Adding Parallelism to Dylan


WARNING: The following material is under construction. Large sections of the following material are out of date.

The Extensions

To make a parallel language from Dylan, we've needed to make changes in three areas:

Multiple Environments
For programming in a distributed memory model, each process must have a private copy of the program's environment. The processes communicate through explicit message passing. So we've changed the basic definition of things slightly: instead of a program defining a single environment, it defines an environment template, which describes the common basis of a collection of cooperating environments. One of these environments is called the root environment; the programs entry point is executed in the root environment. Within the module containing the basic classes for parallelism, we include a variable containing a vector of the environments that make up the current program.

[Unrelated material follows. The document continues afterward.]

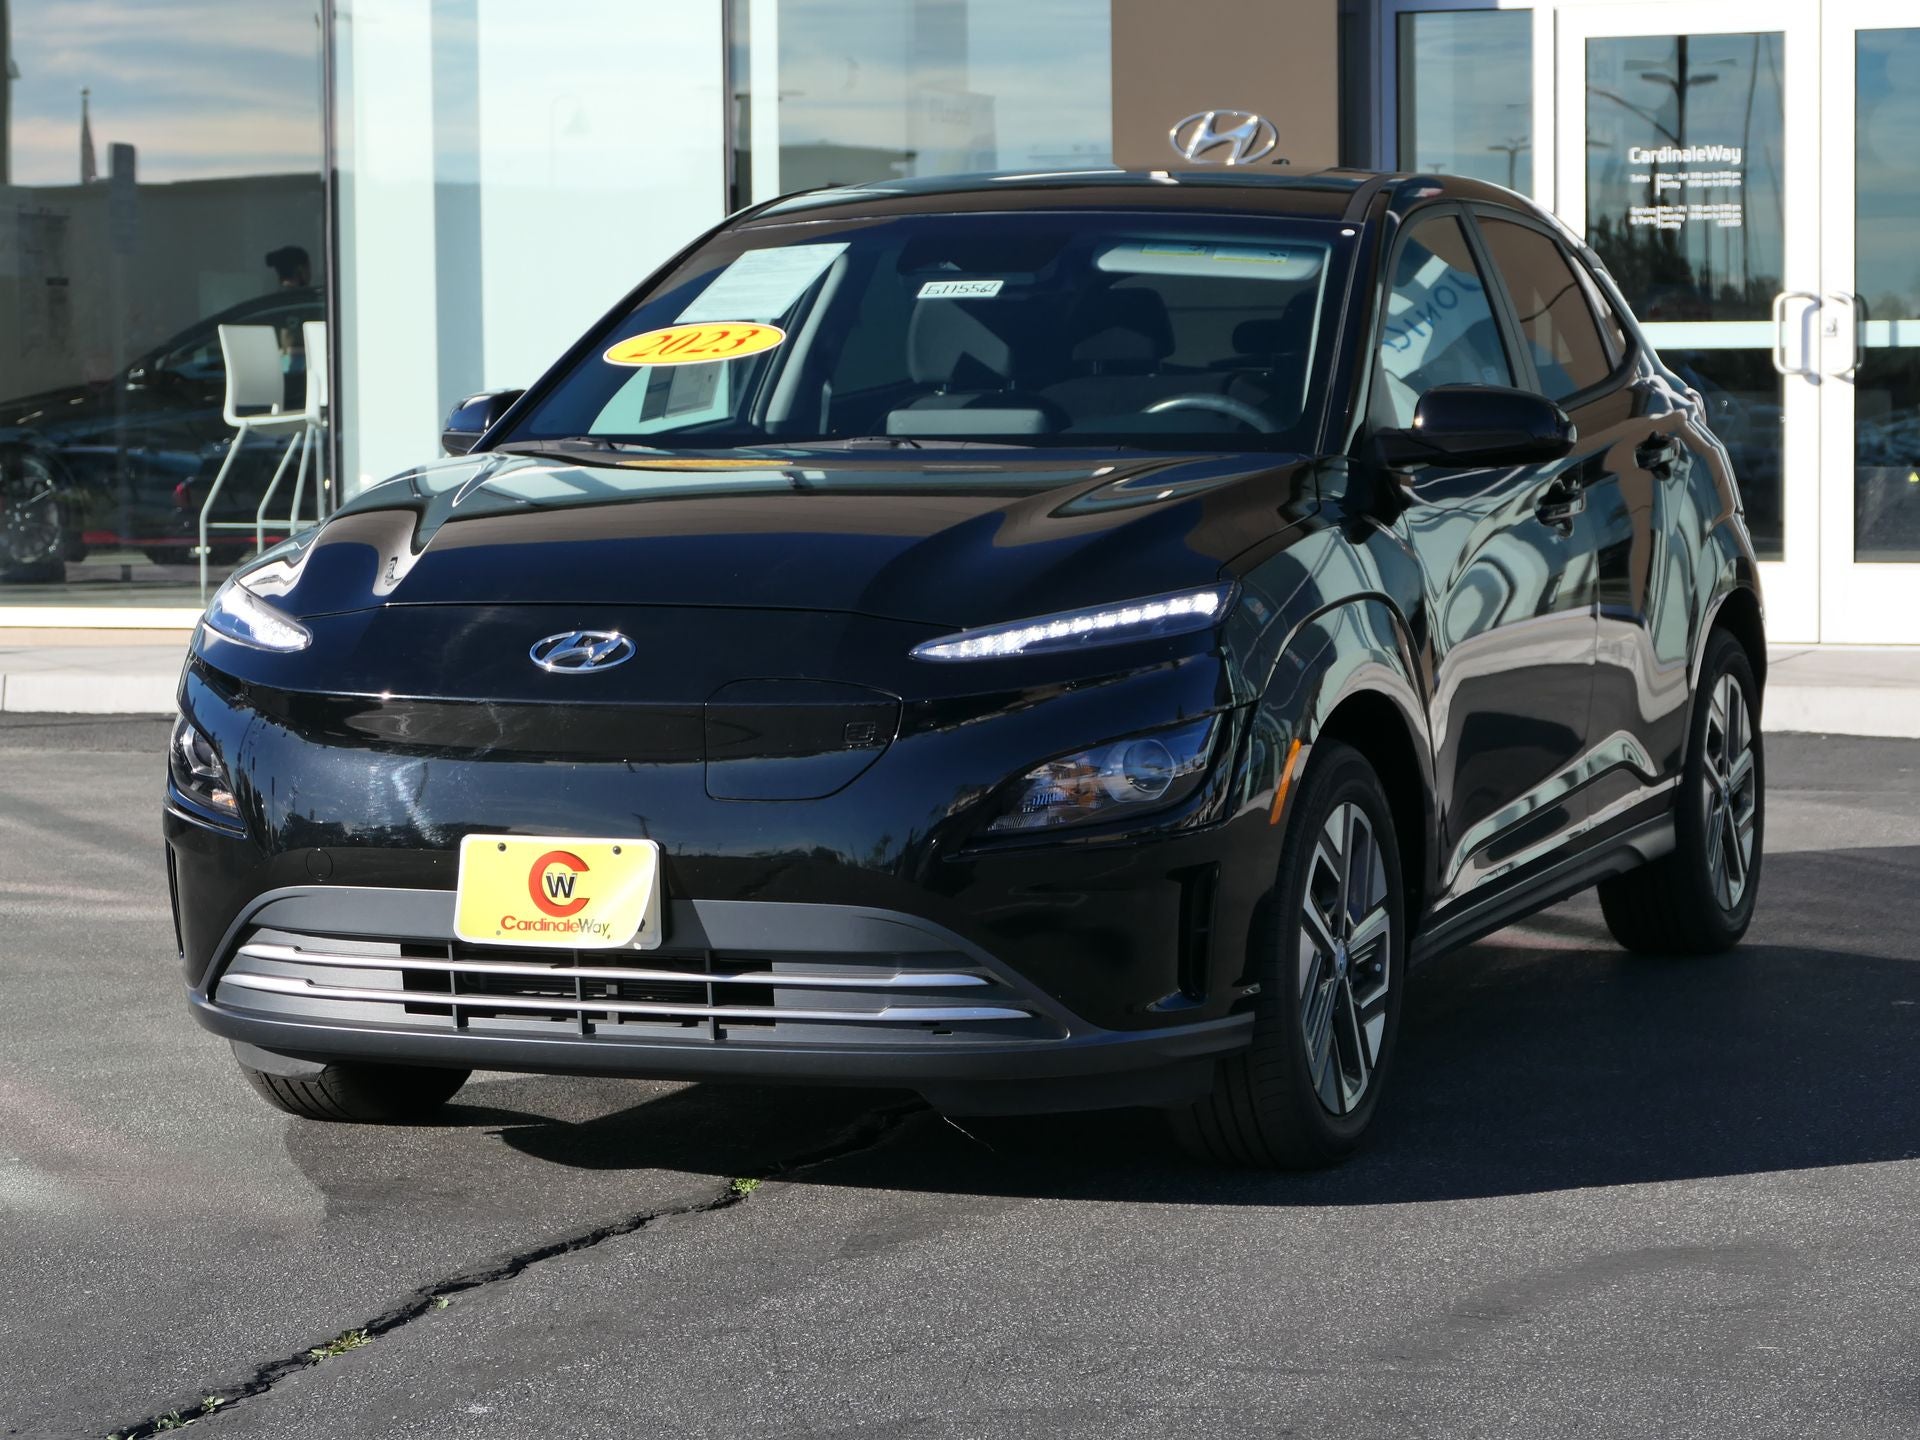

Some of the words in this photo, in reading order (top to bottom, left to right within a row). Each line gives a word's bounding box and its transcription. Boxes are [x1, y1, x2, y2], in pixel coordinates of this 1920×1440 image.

[1628, 145, 1742, 165] CardinaleWay
[626, 329, 760, 358] 2023
[500, 915, 610, 937] CardinaleWay

Each object in the system exists in one of the programs environments. Normally, when an object is passed as an argument to a call in a remote environment, it is passed by value in a message to the remote environment.

Remote Objects
To allow useful distributed programming, some objects should not be passed by reference. These are primarily objects that for some reason must be bound to a particular environment (A good example would be an open file handle). To support these sorts of objects, we allow certain objects to be remote objects which, rather than being copied in argument calls, are passed using remote references.
Remote Calling
To allow multiple environments to cooperate, we need to provide some mechanism for calling procedures in remote environments. We provide a simple RPC based mechanism:

A procedure call which has remote references as arguments will be performed in the environment of the remote objects. If the remote arguments of a call do not exist in the same environment, then the call is erroneous, raising the same error as mapping over non-aligned collections. The call will be performed synchronously, blocking until the results of the remote call are returned.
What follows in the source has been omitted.